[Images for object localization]

· · ·

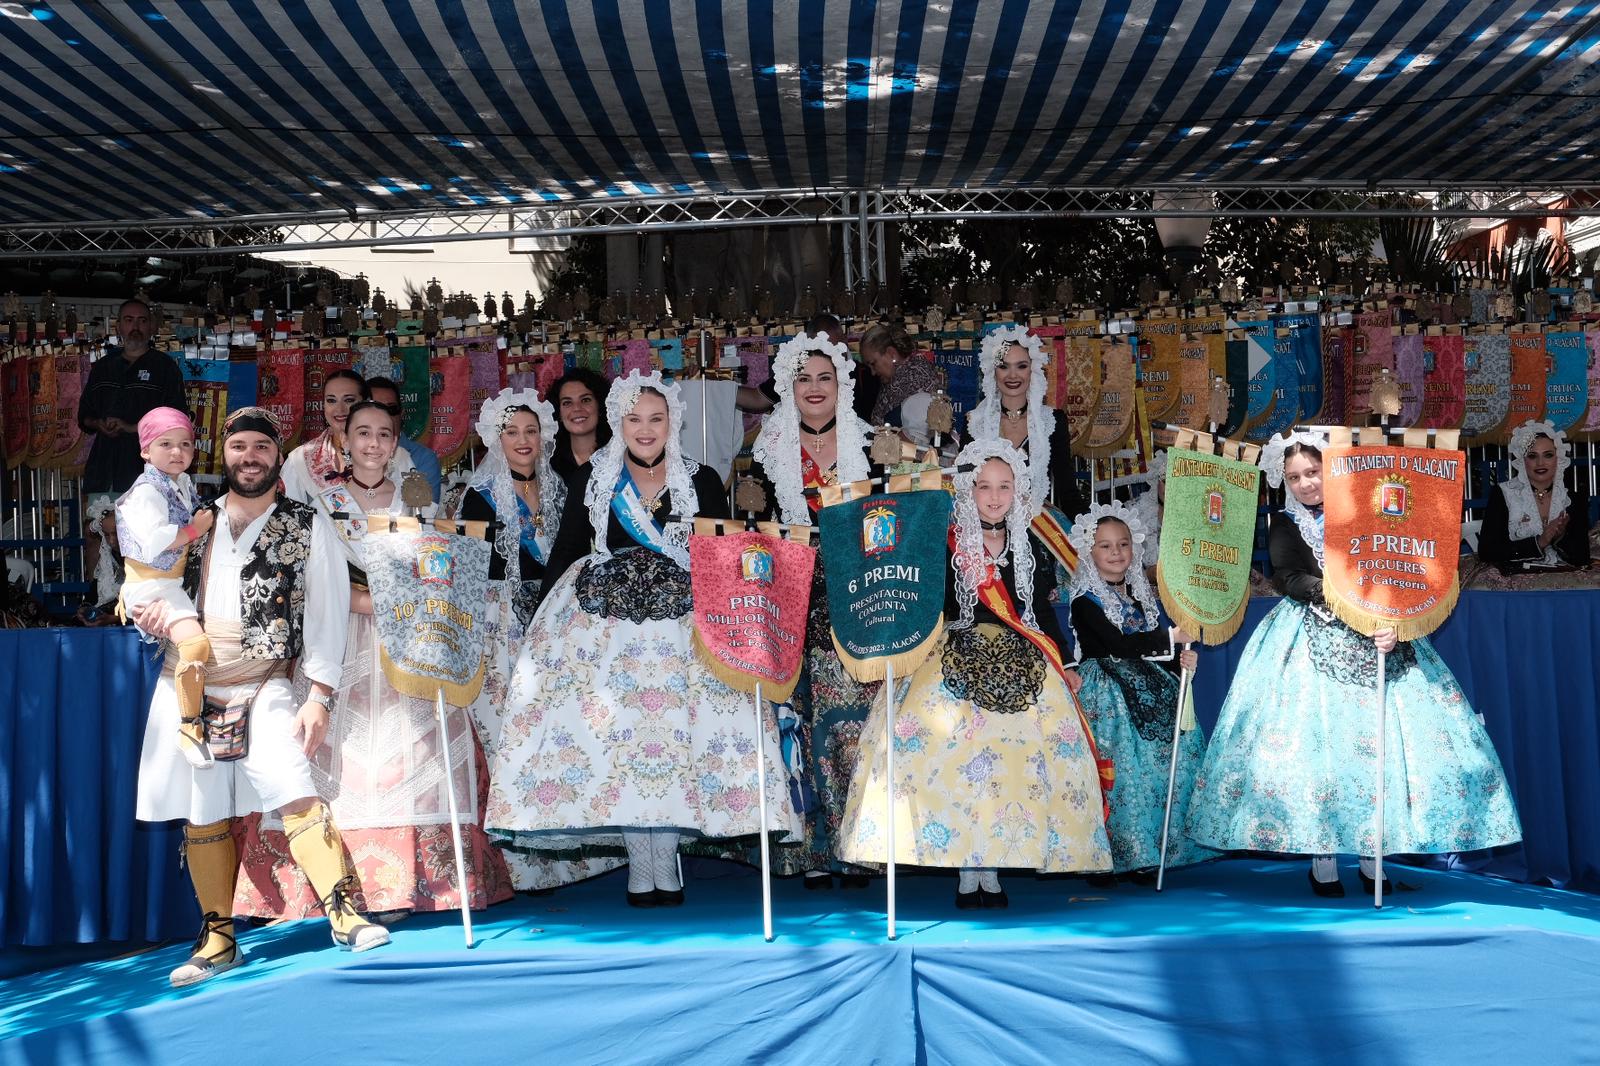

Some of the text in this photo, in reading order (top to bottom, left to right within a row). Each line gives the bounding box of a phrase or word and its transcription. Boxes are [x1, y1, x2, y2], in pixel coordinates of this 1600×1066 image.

[1141, 370, 1169, 382] REMI
[1511, 383, 1532, 392] EMI
[399, 392, 419, 403] EMI
[271, 403, 292, 415] EMI
[431, 406, 455, 414] LOR
[432, 428, 454, 437] TER
[1330, 455, 1396, 477] AJUNTAMENT
[1199, 540, 1240, 566] PREMI
[1372, 533, 1438, 559] PREMI
[863, 564, 921, 588] PREMI
[1357, 558, 1428, 576] FOGUERES
[425, 598, 474, 631] PREMI
[730, 595, 781, 621] PREMI
[858, 600, 907, 620] CONJUNTA
[1405, 596, 1437, 616] ALACANT
[706, 612, 766, 626] MILLOR
[865, 614, 896, 628] Cultural
[728, 639, 744, 648] de
[891, 630, 922, 651] ALACANT

· · ·

== Instructions to follow ==
Retype every entry verbatim and exclude the pictures from the copy.

== Exercise response ==
Some of the text in this photo, in reading order (top to bottom, left to right within a row). Each line gives the bounding box of a phrase or word and its transcription. Boxes are [x1, y1, x2, y2], in pixel coordinates of this 1600×1066 image.

[1141, 370, 1169, 382] REMI
[1511, 383, 1532, 392] EMI
[399, 392, 419, 403] EMI
[271, 403, 292, 415] EMI
[431, 406, 455, 414] LOR
[432, 428, 454, 437] TER
[1330, 455, 1396, 477] AJUNTAMENT
[1199, 540, 1240, 566] PREMI
[1372, 533, 1438, 559] PREMI
[863, 564, 921, 588] PREMI
[1357, 558, 1428, 576] FOGUERES
[425, 598, 474, 631] PREMI
[730, 595, 781, 621] PREMI
[858, 600, 907, 620] CONJUNTA
[1405, 596, 1437, 616] ALACANT
[706, 612, 766, 626] MILLOR
[865, 614, 896, 628] Cultural
[728, 639, 744, 648] de
[891, 630, 922, 651] ALACANT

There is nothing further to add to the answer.